Work instruction:
Print the data once more, exactly as given. Drop the pictures.

Material to process:
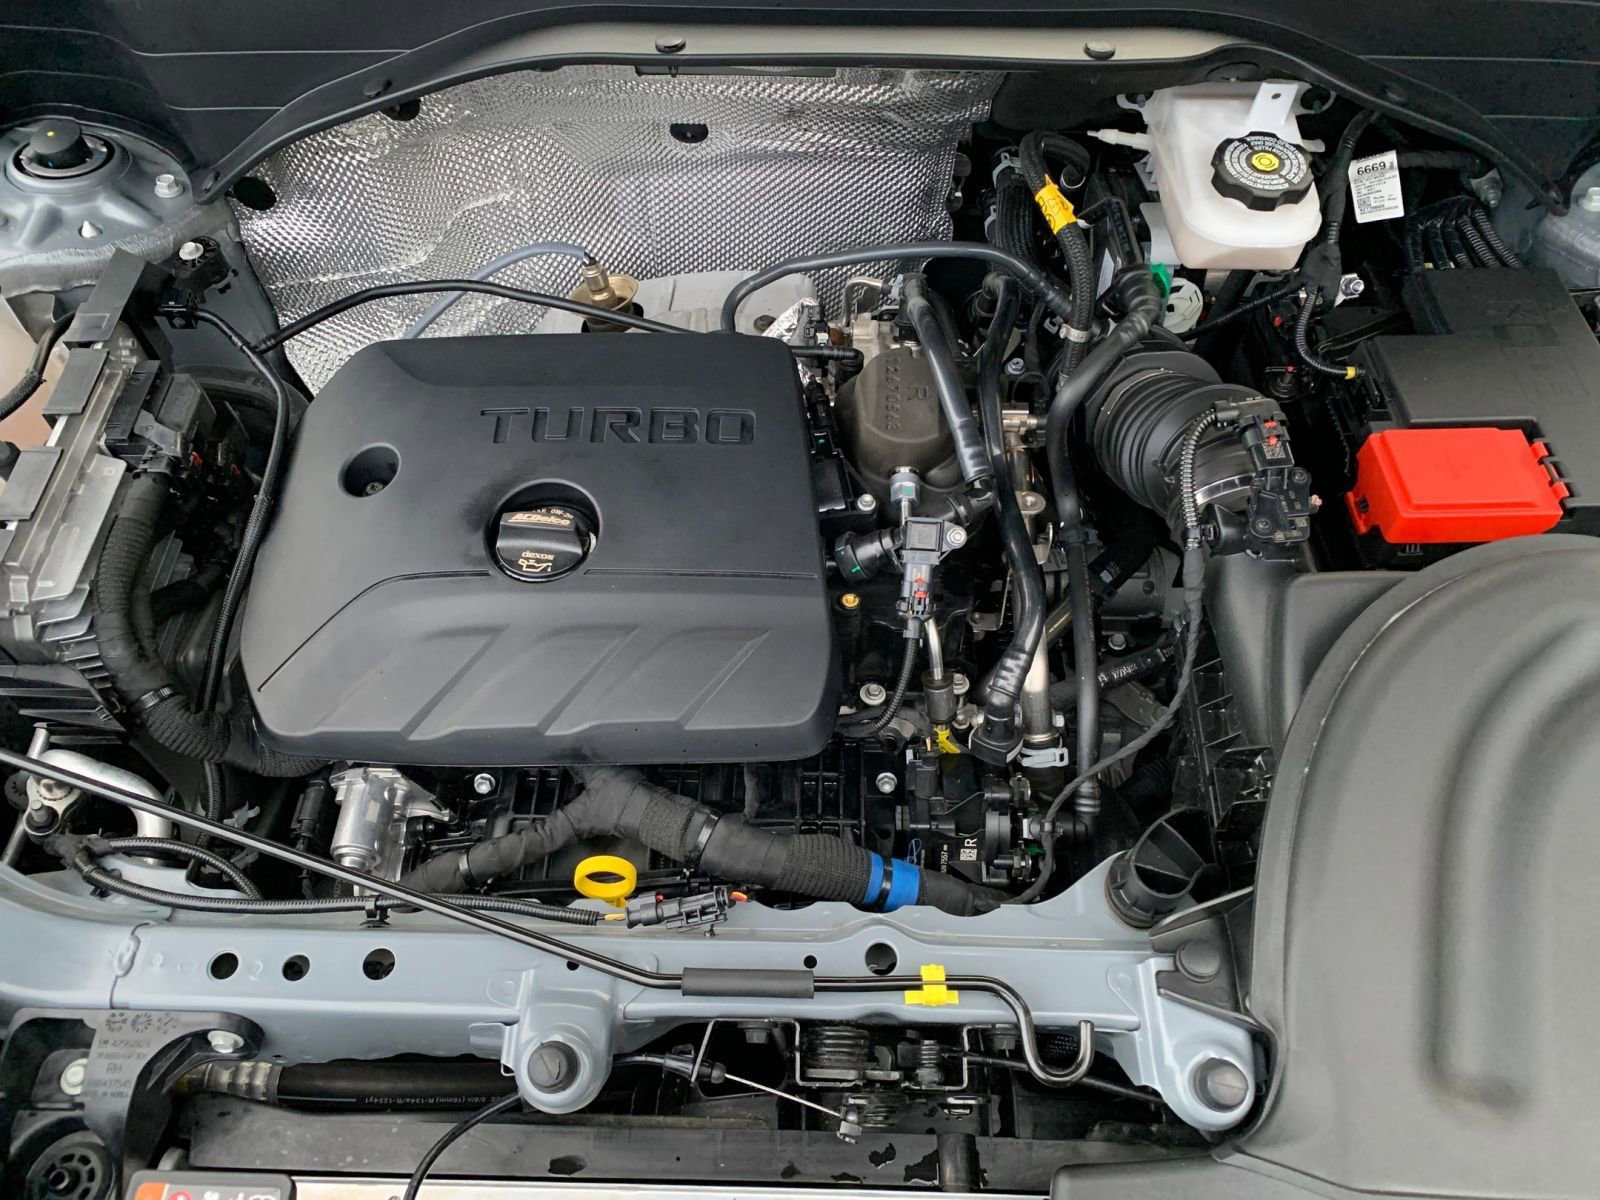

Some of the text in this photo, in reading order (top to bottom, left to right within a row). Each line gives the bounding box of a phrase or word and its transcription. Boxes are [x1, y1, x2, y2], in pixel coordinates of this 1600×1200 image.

[1356, 161, 1387, 176] 6669
[480, 407, 757, 444] TURBO
[507, 513, 571, 526] ACDelco
[521, 550, 555, 561] dexos
[964, 838, 978, 847] R
[106, 1062, 123, 1074] RH

Answer for the task:
Some of the text in this photo, in reading order (top to bottom, left to right within a row). Each line gives the bounding box of a phrase or word and its transcription. Boxes are [x1, y1, x2, y2], in pixel coordinates of this 1600×1200 image.

[1356, 161, 1387, 176] 6669
[480, 407, 757, 444] TURBO
[507, 513, 571, 526] ACDelco
[521, 550, 555, 561] dexos
[964, 838, 978, 847] R
[106, 1062, 123, 1074] RH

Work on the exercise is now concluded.